**Work request**
What is needed is an exact copy of the entries below, with the pictures left out.

-- Opening Marker --

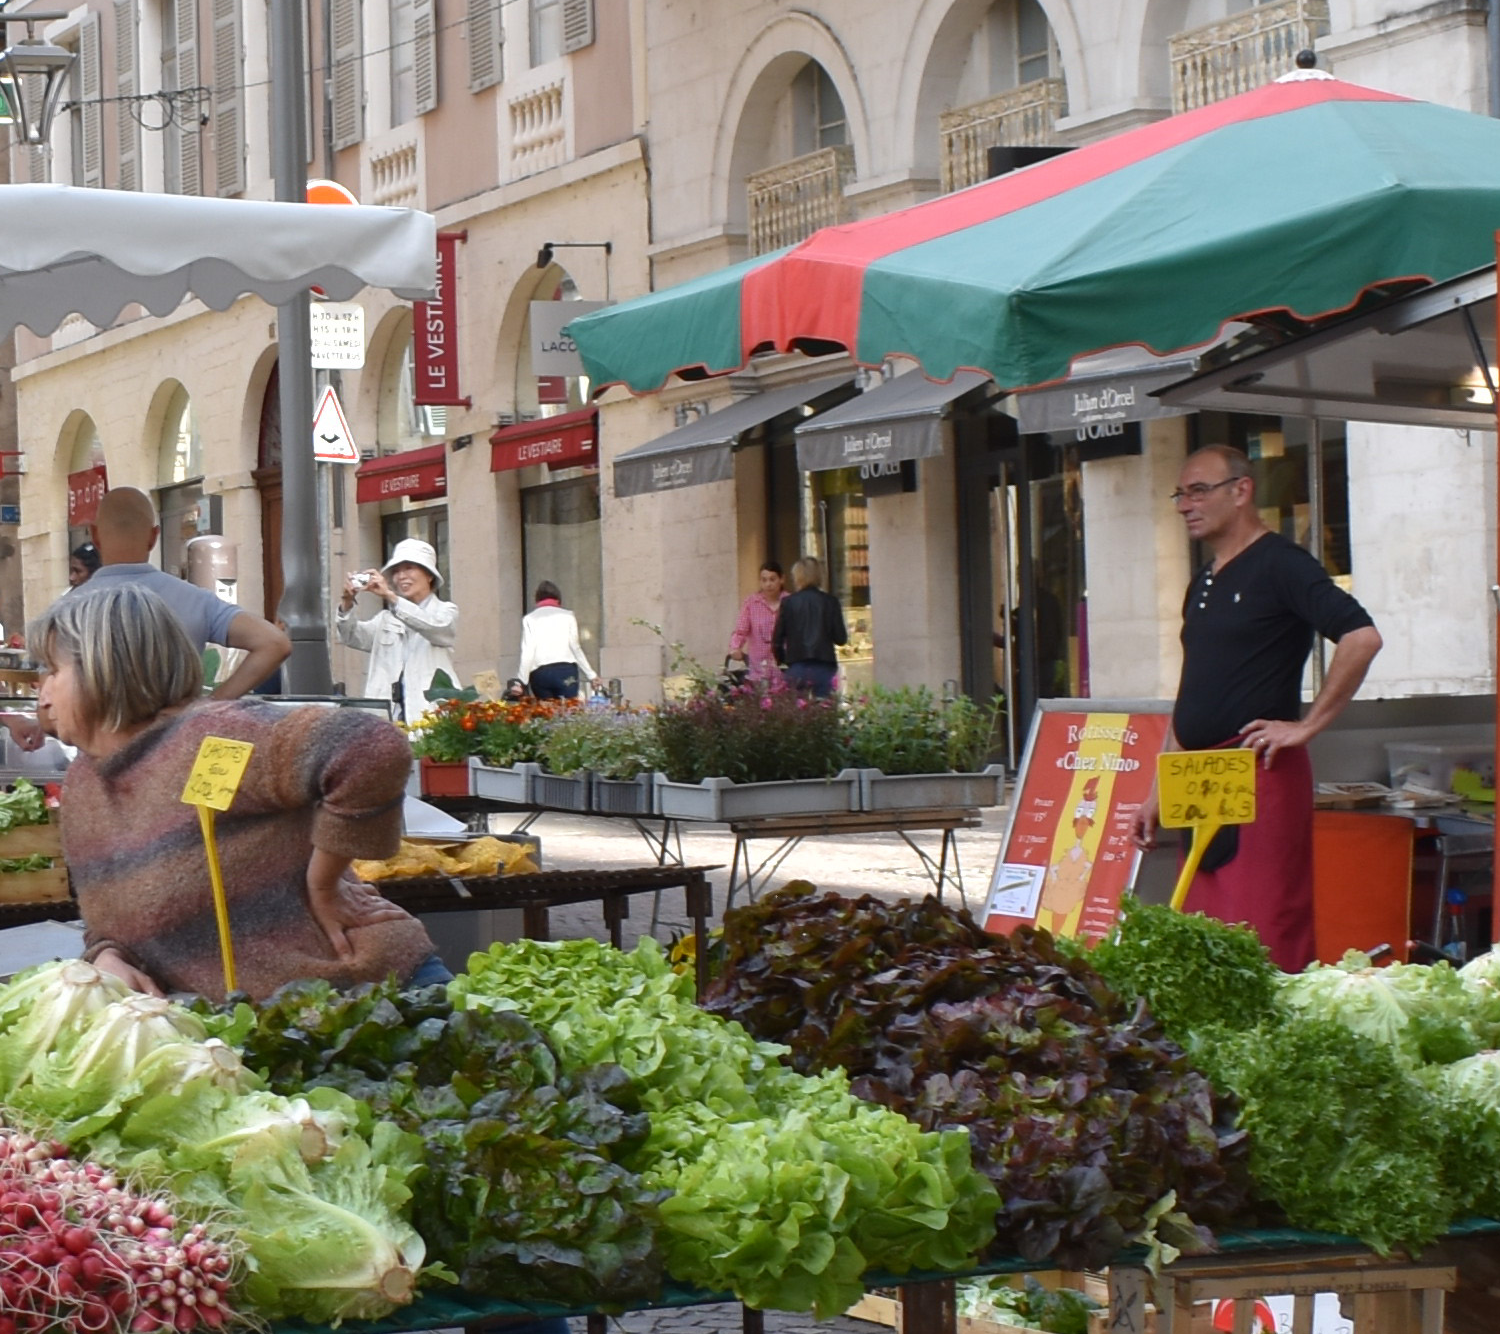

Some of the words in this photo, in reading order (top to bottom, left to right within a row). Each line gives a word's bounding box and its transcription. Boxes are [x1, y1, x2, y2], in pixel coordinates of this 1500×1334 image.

[541, 341, 578, 352] LACO
[429, 365, 446, 389] LE
[1056, 750, 1097, 771] «Chez
[1100, 752, 1141, 772] Nino»
[1170, 756, 1250, 777] SALADES

-- Closing Marker --

**Solution to this problem**
Some of the words in this photo, in reading order (top to bottom, left to right within a row). Each line gives a word's bounding box and its transcription. Boxes are [x1, y1, x2, y2], in pixel coordinates of this 1500×1334 image.

[541, 341, 578, 352] LACO
[429, 365, 446, 389] LE
[1056, 750, 1097, 771] «Chez
[1100, 752, 1141, 772] Nino»
[1170, 756, 1250, 777] SALADES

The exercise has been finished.